- WORK ITEM -
Line by line, the data below should be set down unchanged, with images excluded.

- AVAILABLE DATA -
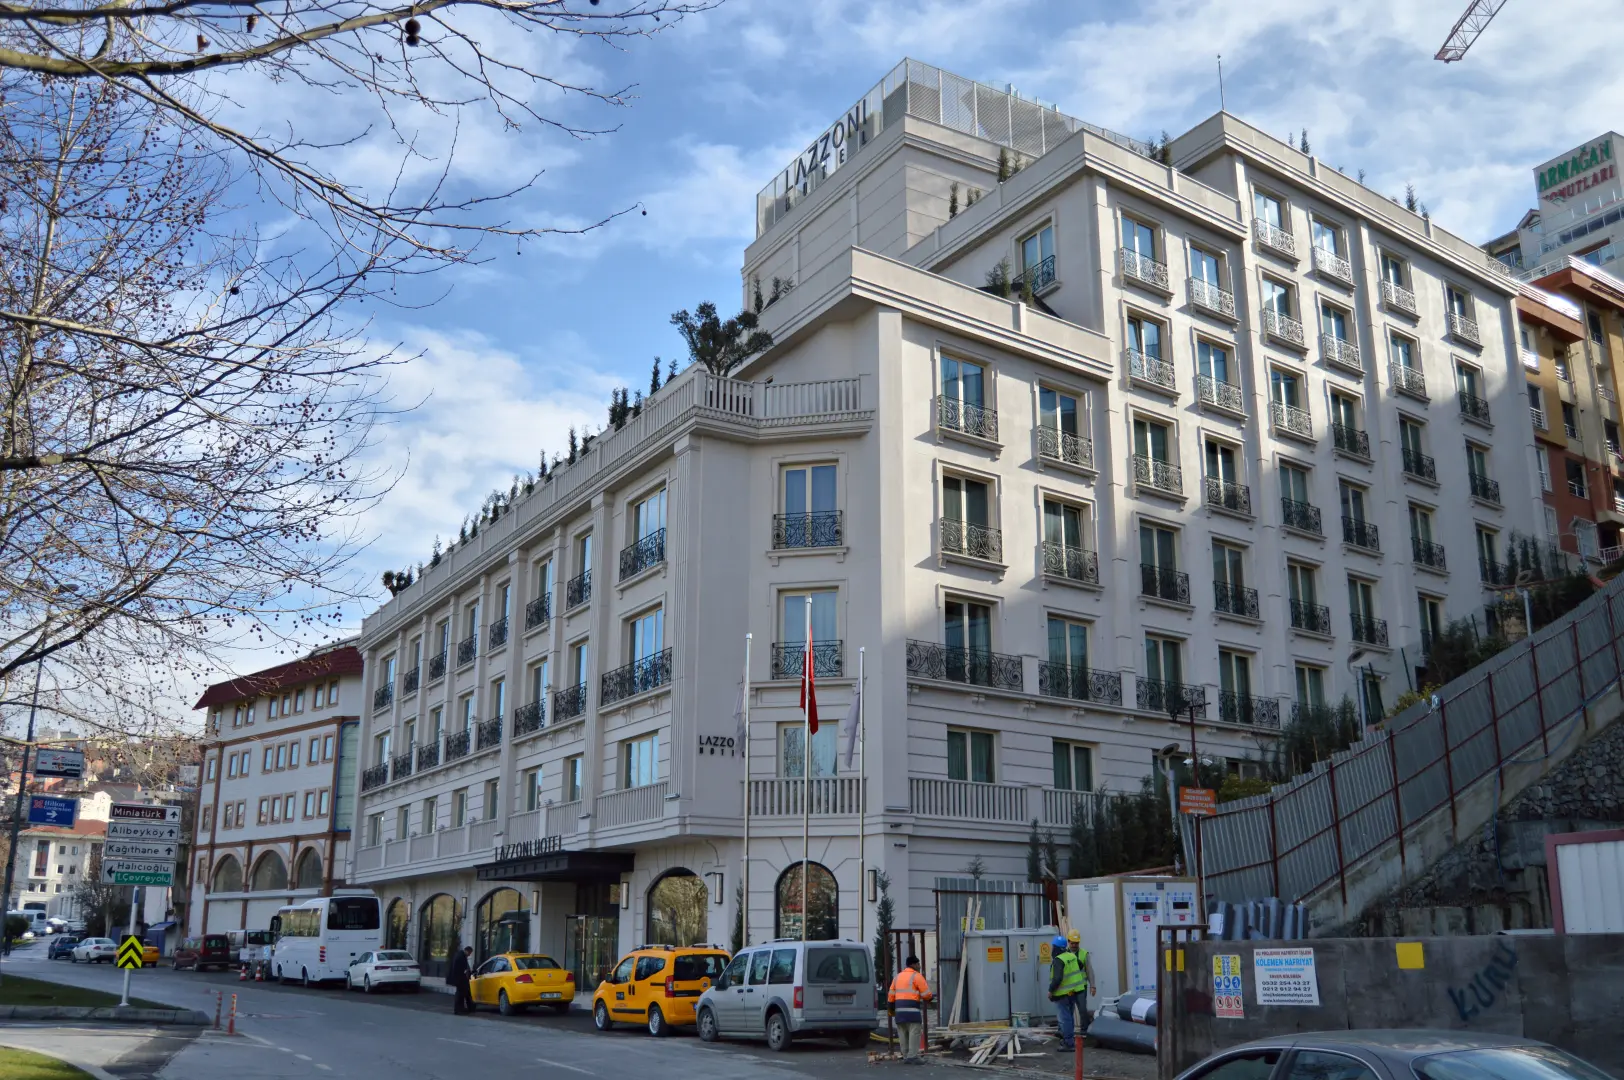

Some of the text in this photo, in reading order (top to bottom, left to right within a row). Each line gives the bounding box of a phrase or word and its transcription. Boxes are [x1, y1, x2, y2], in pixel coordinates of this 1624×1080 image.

[784, 99, 867, 194] LAZZONI
[1538, 139, 1613, 193] ARMAĞAN
[699, 734, 735, 748] LAZZO
[114, 807, 161, 818] Miniatürk
[110, 826, 165, 838] Alibeyköy
[108, 844, 160, 855] Kağıthane
[495, 834, 562, 861] LAZZONI HOTEL
[117, 861, 170, 873] Halıcıoğlu
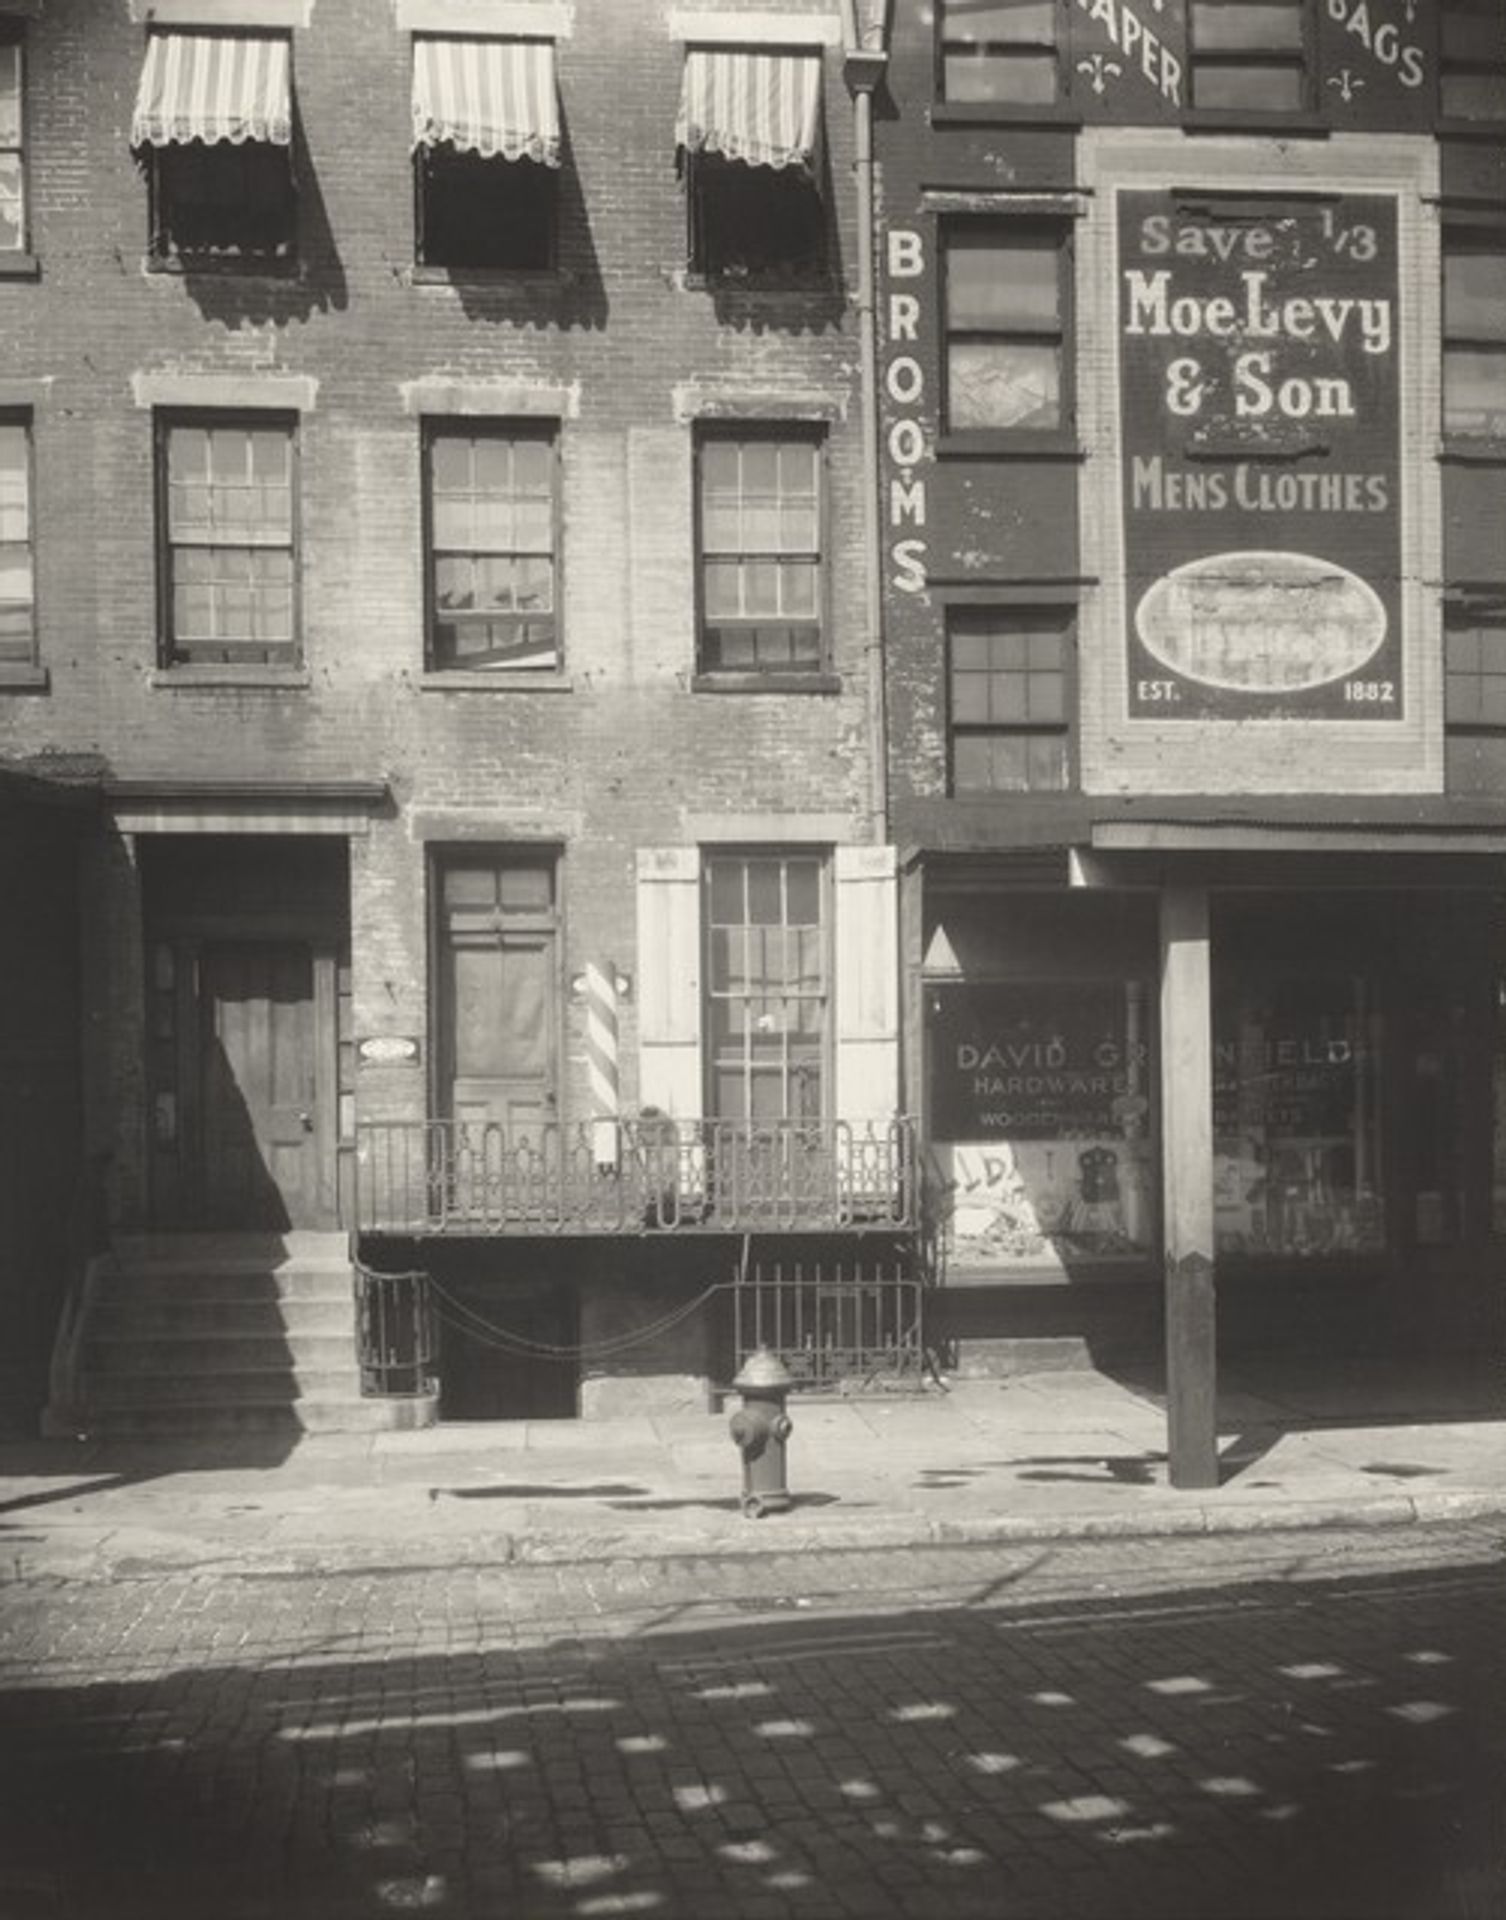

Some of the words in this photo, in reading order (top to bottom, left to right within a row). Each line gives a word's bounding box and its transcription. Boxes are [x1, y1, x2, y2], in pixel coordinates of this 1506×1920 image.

[1078, 0, 1181, 107] APER
[1140, 215, 1273, 261] Save
[1321, 209, 1377, 261] 1/3
[1166, 357, 1204, 416] &
[1235, 352, 1355, 417] Son
[887, 230, 927, 592] BROOMS
[1132, 455, 1228, 510] MENS
[1234, 464, 1388, 512] CLOTHES
[1137, 680, 1181, 701] EST.
[1344, 681, 1395, 701] 1882
[956, 1042, 1066, 1070] DAVID
[973, 1075, 1128, 1095] HARDWARE
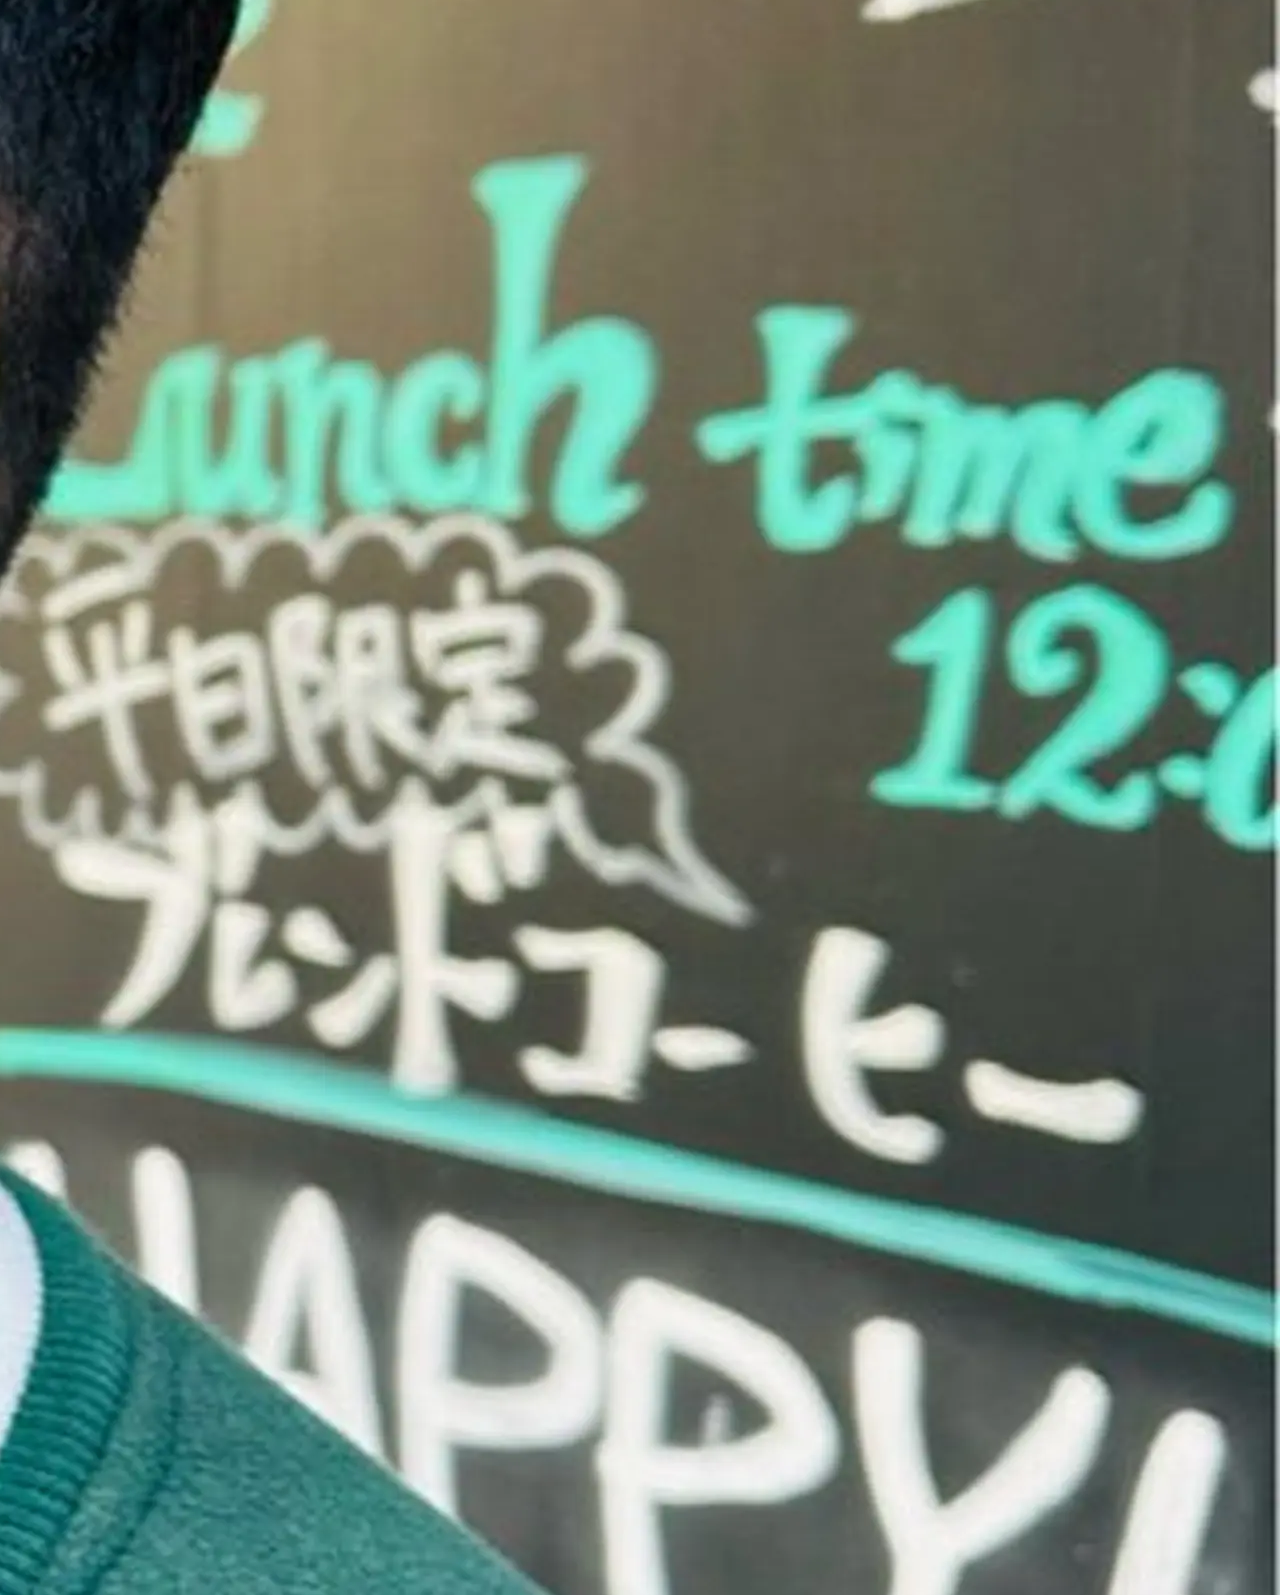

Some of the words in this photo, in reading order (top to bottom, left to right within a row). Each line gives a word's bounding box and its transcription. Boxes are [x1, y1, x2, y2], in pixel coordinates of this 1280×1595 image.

- SOLUTION FOR THIS TASK -
Some of the text in this photo, in reading order (top to bottom, left to right within a row). Each line gives the bounding box of a phrase or word and its transcription. Boxes are [x1, y1, x2, y2], in pixel coordinates of this 1624×1080 image.

[784, 99, 867, 194] LAZZONI
[1538, 139, 1613, 193] ARMAĞAN
[699, 734, 735, 748] LAZZO
[114, 807, 161, 818] Miniatürk
[110, 826, 165, 838] Alibeyköy
[108, 844, 160, 855] Kağıthane
[495, 834, 562, 861] LAZZONI HOTEL
[117, 861, 170, 873] Halıcıoğlu

Some of the words in this photo, in reading order (top to bottom, left to right within a row). Each line gives a word's bounding box and its transcription. Boxes are [x1, y1, x2, y2], in pixel coordinates of this 1506×1920 image.

[1078, 0, 1181, 107] APER
[1140, 215, 1273, 261] Save
[1321, 209, 1377, 261] 1/3
[1166, 357, 1204, 416] &
[1235, 352, 1355, 417] Son
[887, 230, 927, 592] BROOMS
[1132, 455, 1228, 510] MENS
[1234, 464, 1388, 512] CLOTHES
[1137, 680, 1181, 701] EST.
[1344, 681, 1395, 701] 1882
[956, 1042, 1066, 1070] DAVID
[973, 1075, 1128, 1095] HARDWARE

Some of the words in this photo, in reading order (top to bottom, left to right within a row). Each line gives a word's bounding box and its transcription. Boxes are [x1, y1, x2, y2], in pixel coordinates of this 1280×1595 image.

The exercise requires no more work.